"""
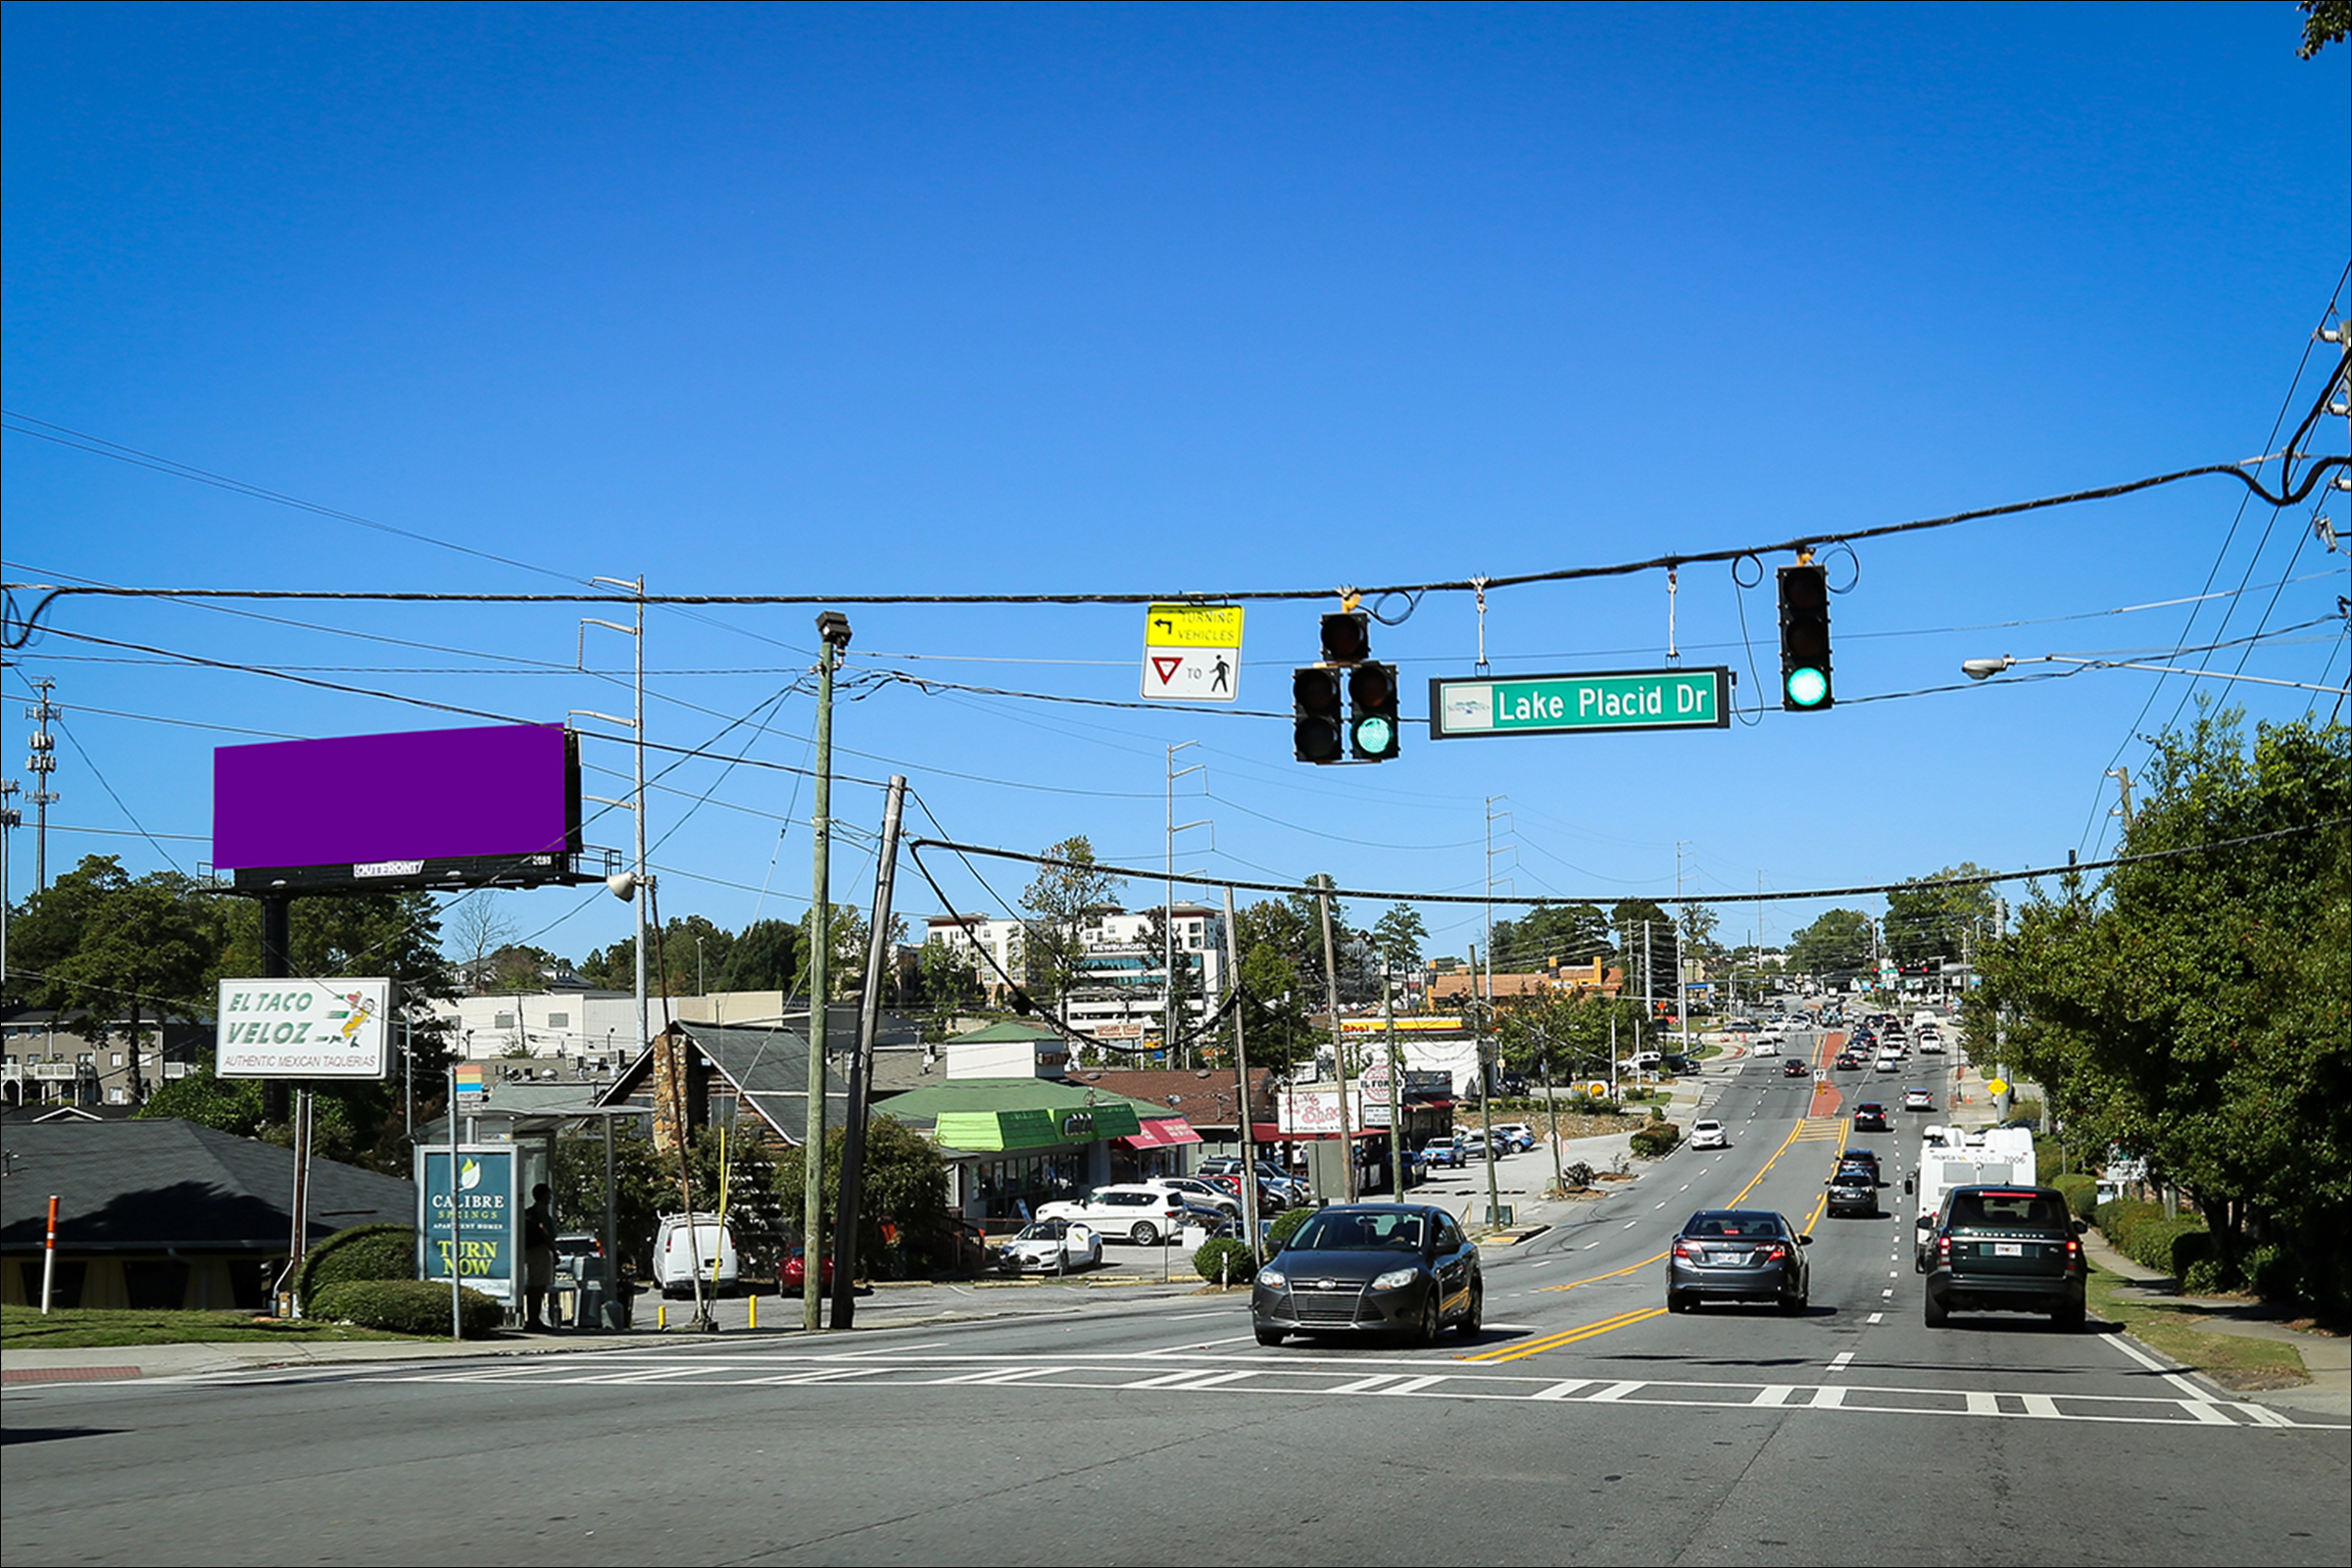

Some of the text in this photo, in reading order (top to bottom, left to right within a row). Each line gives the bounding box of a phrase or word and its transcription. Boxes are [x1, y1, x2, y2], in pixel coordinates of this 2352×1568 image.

[1182, 610, 1235, 624] TURNING
[1177, 629, 1235, 642] VEHICLES
[1187, 667, 1202, 680] TO
[1497, 689, 1565, 721] Lake
[1578, 685, 1663, 717] Placid
[1676, 683, 1708, 713] Dr
[227, 992, 314, 1012] EL TACO
[225, 1021, 314, 1045] VELOZ
[223, 1054, 376, 1067] AUTHENTIC MEXICAN TAQUERIAS
[1372, 1078, 1403, 1089] FORO
[1301, 1104, 1354, 1124] Shac
[2004, 1155, 2026, 1164] 7006
[442, 1258, 493, 1276] NOW
"""
- _What you are asked to do_
Please print every record exactly, leaving out the pictures.

- _Task result_
Some of the text in this photo, in reading order (top to bottom, left to right within a row). Each line gives the bounding box of a phrase or word and its transcription. Boxes are [x1, y1, x2, y2], in pixel coordinates of this 2352×1568 image.

[1182, 610, 1235, 624] TURNING
[1177, 629, 1235, 642] VEHICLES
[1187, 667, 1202, 680] TO
[1497, 689, 1565, 721] Lake
[1578, 685, 1663, 717] Placid
[1676, 683, 1708, 713] Dr
[227, 992, 314, 1012] EL TACO
[225, 1021, 314, 1045] VELOZ
[223, 1054, 376, 1067] AUTHENTIC MEXICAN TAQUERIAS
[1372, 1078, 1403, 1089] FORO
[1301, 1104, 1354, 1124] Shac
[2004, 1155, 2026, 1164] 7006
[442, 1258, 493, 1276] NOW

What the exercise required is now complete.